You may have heard of the famous “Milgram experiments” from the 1960s, which showed people will inflict painful and even lethal electric shocks on a stranger if they’re told to by an authority figure.

Now, new research by Belgian and UK scientists suggests why that might be the case — because we feel less responsible for our actions and their consequences if we’re following orders.

The study showed we genuinely feel less connected to negative consequences when ordered to inflict pain by authority figures, and we’re not just trying to get away with it.

According to the new work by researchers at University College London and Université Libre de Bruxelles in Belgium, when someone gives us an order, we actually feel less responsible for our actions and their painful consequences.

“Maybe some basic feeling of responsibility really is reduced when we are coerced into doing something,” says Patrick Haggard of University College London. “People often claim reduced responsibility because they were ‘only obeying orders.’ But are they just saying that to avoid punishment, or do orders really change the basic experience of responsibility?”

Haggard and his colleagues sought to answer this question by measuring a phenomenon called “sense of agency.” This is the feeling that one’s actions have caused some external event. For instance, Haggard has explained, if you flip a light switch and a light comes on, you often experience those events as being nearly simultaneous, even if there’s a lag.
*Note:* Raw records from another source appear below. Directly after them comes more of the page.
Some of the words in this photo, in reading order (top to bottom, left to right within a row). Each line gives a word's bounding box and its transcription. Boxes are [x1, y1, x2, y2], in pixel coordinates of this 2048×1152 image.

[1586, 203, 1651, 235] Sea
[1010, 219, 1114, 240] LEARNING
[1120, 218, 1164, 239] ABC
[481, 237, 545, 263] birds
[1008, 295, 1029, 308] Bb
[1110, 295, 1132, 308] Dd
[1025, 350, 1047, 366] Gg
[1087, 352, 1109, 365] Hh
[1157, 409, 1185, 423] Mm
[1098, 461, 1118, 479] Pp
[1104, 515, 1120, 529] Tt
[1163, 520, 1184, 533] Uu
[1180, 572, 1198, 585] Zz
Haggard’s team has already shown that people feel reduced sense of agency when their actions produce a negative versus a positive outcome. In other words, people literally perceive a longer lapse in time between an action (in this case, presses of a computer key) and its outcome when the end result is negative compared to when it is positive.

In the new study, the researchers measured sense of agency in the same way to explore changes in perception when someone delivered a mild electric shock to another person, either on orders or by their own choice. In other experiments, the harm inflicted on the other person was a financial penalty instead of a minor pain.
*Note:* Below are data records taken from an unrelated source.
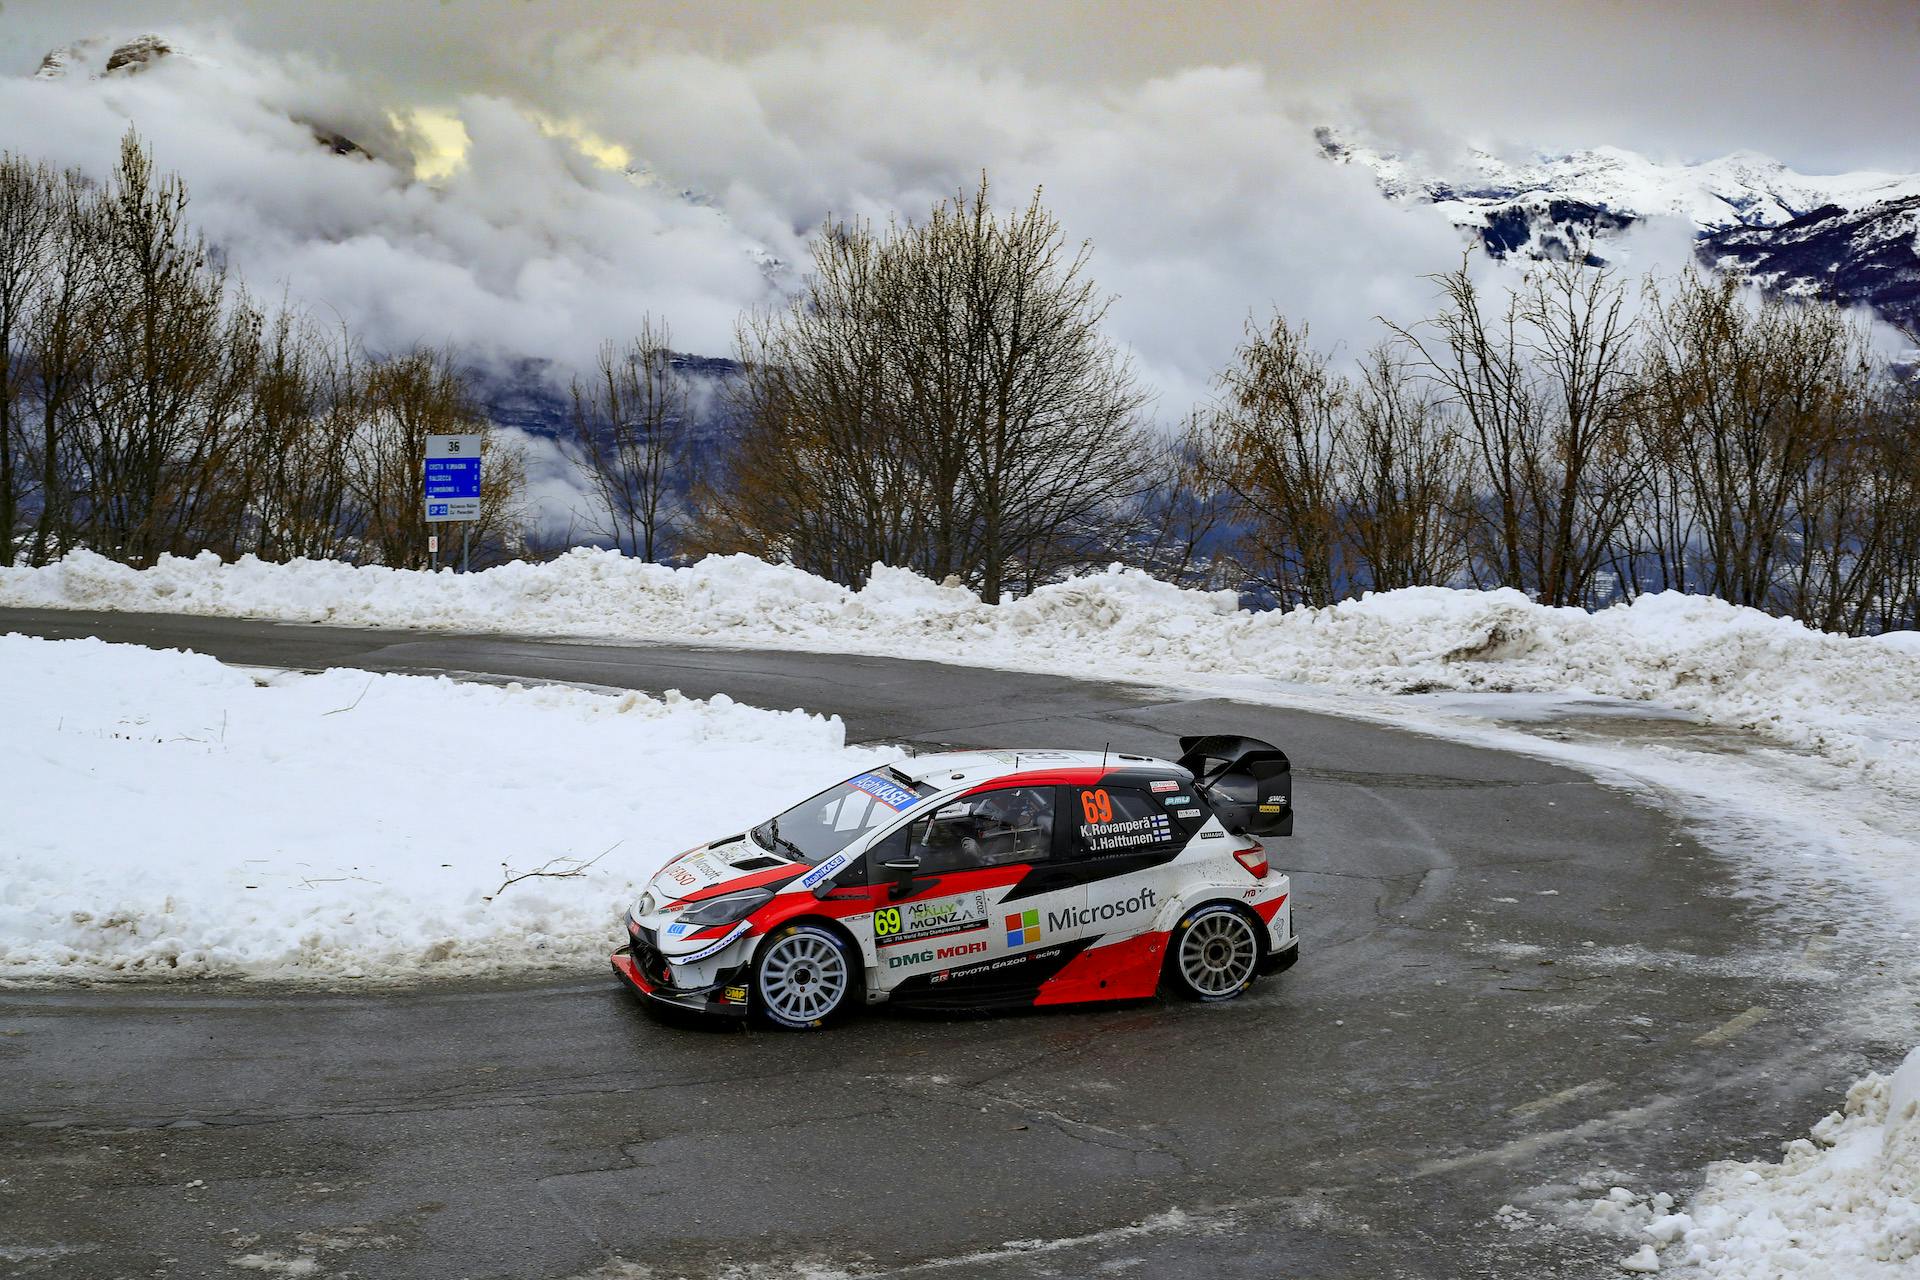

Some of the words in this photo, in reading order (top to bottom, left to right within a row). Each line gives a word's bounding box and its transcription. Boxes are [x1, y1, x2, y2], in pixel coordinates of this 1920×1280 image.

[448, 441, 460, 452] 36
[430, 505, 438, 514] SP
[439, 505, 447, 514] 22
[1081, 789, 1112, 823] 69
[1080, 816, 1151, 837] K.Rovanperä
[1090, 832, 1154, 851] J.Halttunen
[803, 855, 845, 888] AsahiKASEI
[914, 903, 955, 919] RALLY
[975, 895, 986, 915] 2020
[1048, 887, 1157, 933] Microsoft
[874, 908, 901, 936] 69
[910, 909, 974, 930] MONZA
[682, 928, 746, 963] Panasonic
[889, 950, 934, 969] DMG
[936, 941, 987, 960] MORI
[951, 965, 990, 978] TOYOTA
[991, 957, 1027, 970] GAZOO
[1028, 949, 1061, 962] Racing
[725, 988, 745, 999] OMP
When the participants chose freely, they were encouraged along with the promise of a small financial gain. They also knew exactly what kind of harm they were inflicting because pairs of participants traded places with each other. Those who delivered shocks or suffered financial losses in some trial sessions received the same treatment in others.

The researchers report that coercion led to a small but significant increase in the perceived time interval between action and outcome in comparison to situations in which participants freely chose to inflict the same harms. Interestingly, coercion also reduced the neural processing of the outcomes of one’s own action.
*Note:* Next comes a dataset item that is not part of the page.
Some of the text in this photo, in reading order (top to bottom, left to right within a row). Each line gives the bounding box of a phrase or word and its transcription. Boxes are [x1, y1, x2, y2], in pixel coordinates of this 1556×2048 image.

The researchers concluded that claims of reduced responsibility under coercion could indeed correspond to a change in basic feelings of responsibility–not just attempts to avoid social punishment.

“When you feel a sense of agency — you feel responsible for an outcome — you get changes in experience of time where what you do and the outcome you produce seem closer together,” Haggard says.

Haggard says it would now be interesting to find out whether some people more readily experience a reduced sense of agency under coercion than others.

“Fortunately for society, there have always been some people who stand up to coercion,” he says.